TASK TO COMPLETE. Set down the line that contains "this 1632×640 image." and every line after it to the end of the entries, exactly as they stand and nothing more.
═══ SUPPLIED INFORMATION ═══
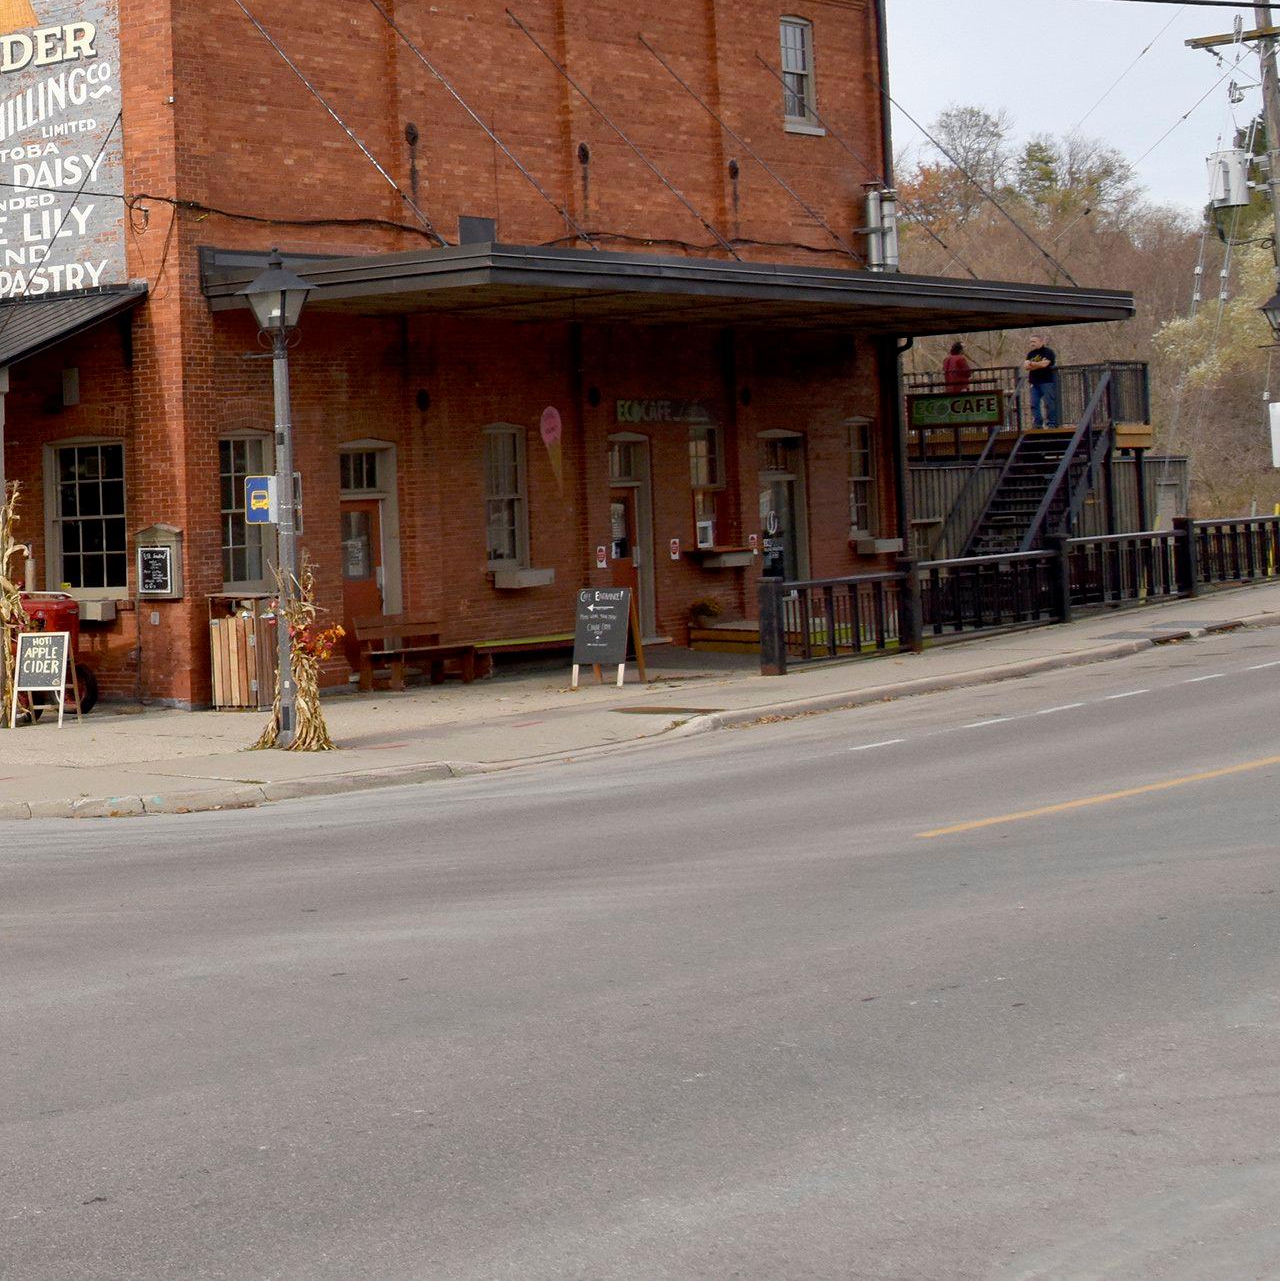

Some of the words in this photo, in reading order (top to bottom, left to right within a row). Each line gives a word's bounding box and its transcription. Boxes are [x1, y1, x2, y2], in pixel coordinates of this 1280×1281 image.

[42, 117, 97, 139] LIMITED
[13, 152, 106, 194] DAISY
[23, 204, 96, 242] LILY
[32, 636, 52, 646] HOT!
[24, 647, 58, 659] APPLE
[23, 659, 59, 674] CIDER
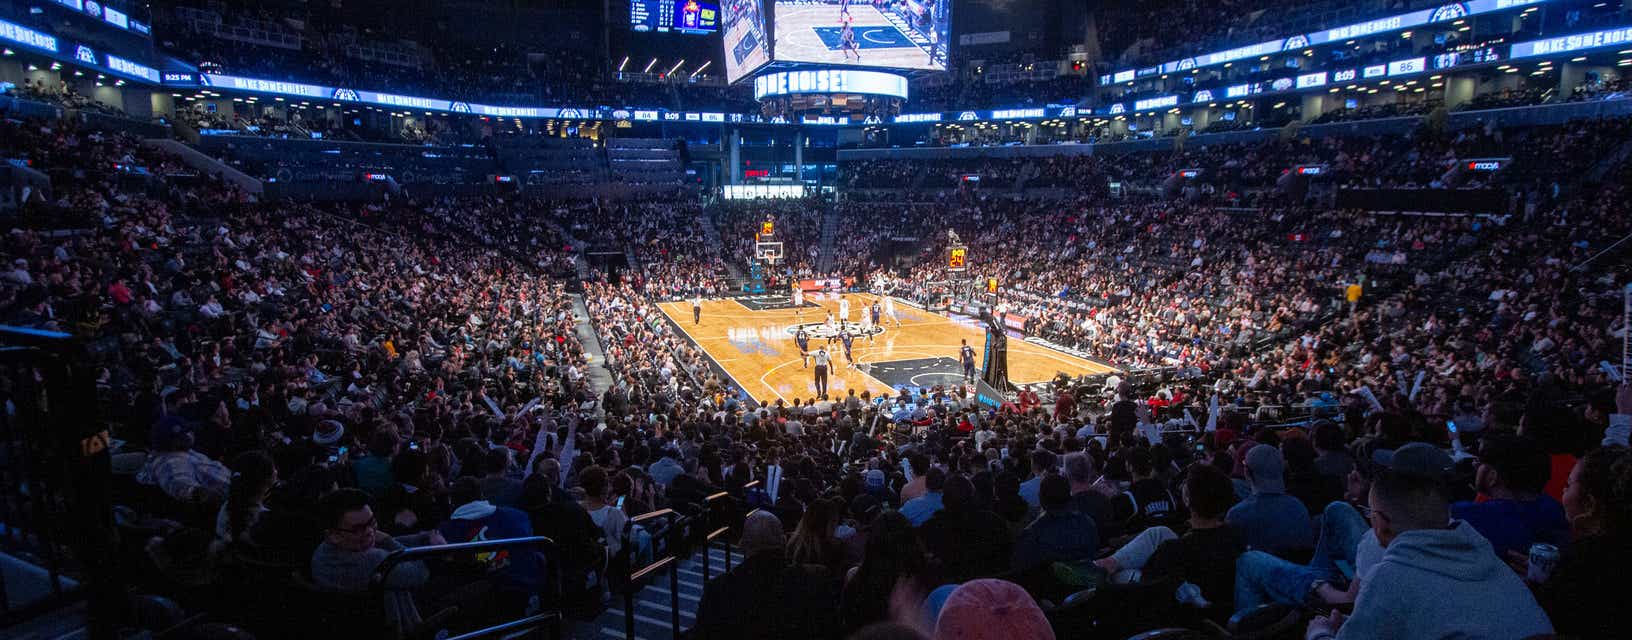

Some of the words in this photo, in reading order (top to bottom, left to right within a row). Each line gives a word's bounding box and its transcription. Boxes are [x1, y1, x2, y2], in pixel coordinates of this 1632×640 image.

[1533, 37, 1566, 55] MAKE
[1567, 31, 1604, 50] SOME
[1604, 28, 1632, 44] NOIS
[788, 70, 848, 92] NOISE!
[1335, 69, 1355, 82] 8:09
[234, 77, 258, 90] MAKE
[258, 79, 283, 93] SOME
[950, 256, 964, 267] 24
═══
TASK RESULT.
Some of the words in this photo, in reading order (top to bottom, left to right within a row). Each line gives a word's bounding box and its transcription. Boxes are [x1, y1, x2, y2], in pixel coordinates of this 1632×640 image.

[1533, 37, 1566, 55] MAKE
[1567, 31, 1604, 50] SOME
[1604, 28, 1632, 44] NOIS
[788, 70, 848, 92] NOISE!
[1335, 69, 1355, 82] 8:09
[234, 77, 258, 90] MAKE
[258, 79, 283, 93] SOME
[950, 256, 964, 267] 24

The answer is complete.